Task statement
Without the images, write out all of the following entries exactly.

━━━━━ Records provided

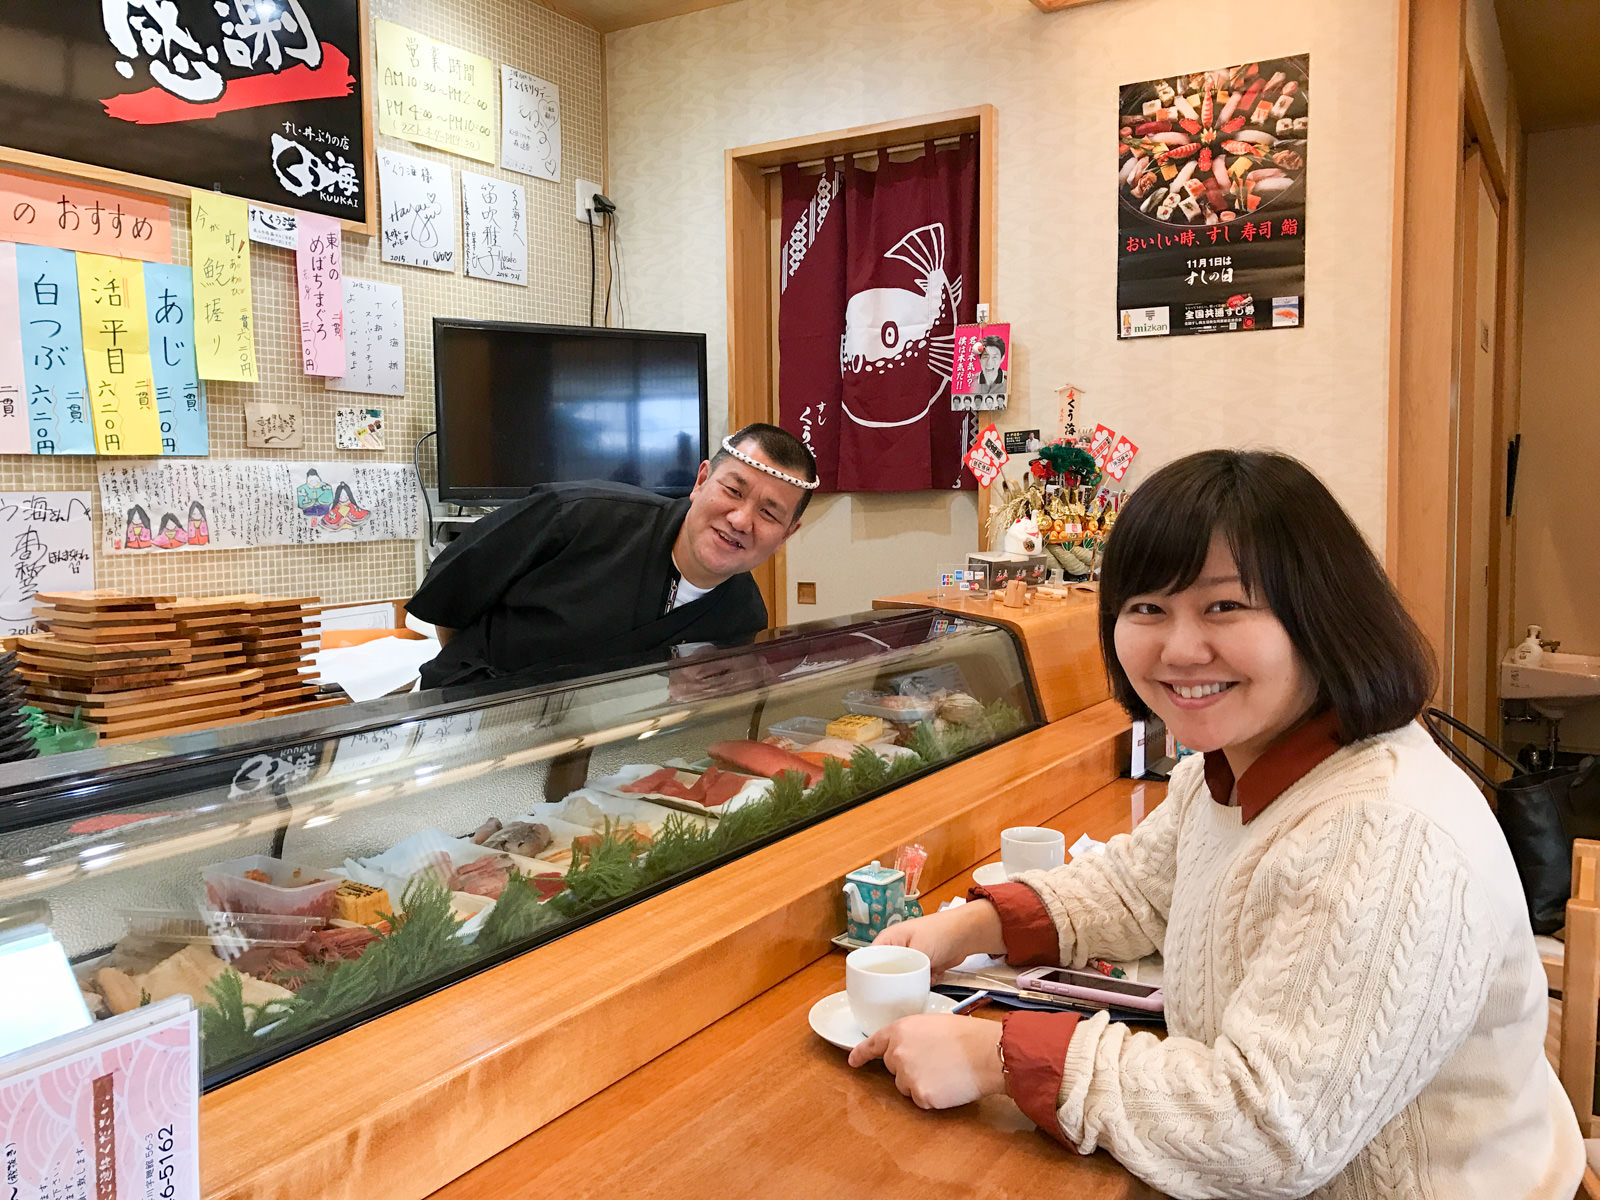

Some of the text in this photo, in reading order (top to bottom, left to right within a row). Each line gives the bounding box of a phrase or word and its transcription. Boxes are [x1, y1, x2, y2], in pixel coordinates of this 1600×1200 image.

[102, 0, 322, 101] 感謝
[320, 191, 359, 208] KUUKAI
[1206, 227, 1231, 245] すし
[1240, 220, 1272, 241] 寿司
[1184, 267, 1234, 286] すしの日
[1186, 256, 1232, 269] 11月1日は
[309, 234, 328, 342] めばちまぐろ
[29, 273, 69, 371] 白つぶ
[91, 276, 128, 374] 活平目
[155, 288, 185, 367] あじ
[1134, 322, 1168, 334] mizkan
[799, 406, 817, 458] くう
[815, 401, 827, 426] すし
[1065, 398, 1077, 436] くう海
[157, 1123, 175, 1200] 6-5162

━━━━━━━━━━

Written answer
Some of the text in this photo, in reading order (top to bottom, left to right within a row). Each line gives the bounding box of a phrase or word and its transcription. Boxes are [x1, y1, x2, y2], in pixel coordinates of this 1600×1200 image.

[102, 0, 322, 101] 感謝
[320, 191, 359, 208] KUUKAI
[1206, 227, 1231, 245] すし
[1240, 220, 1272, 241] 寿司
[1184, 267, 1234, 286] すしの日
[1186, 256, 1232, 269] 11月1日は
[309, 234, 328, 342] めばちまぐろ
[29, 273, 69, 371] 白つぶ
[91, 276, 128, 374] 活平目
[155, 288, 185, 367] あじ
[1134, 322, 1168, 334] mizkan
[799, 406, 817, 458] くう
[815, 401, 827, 426] すし
[1065, 398, 1077, 436] くう海
[157, 1123, 175, 1200] 6-5162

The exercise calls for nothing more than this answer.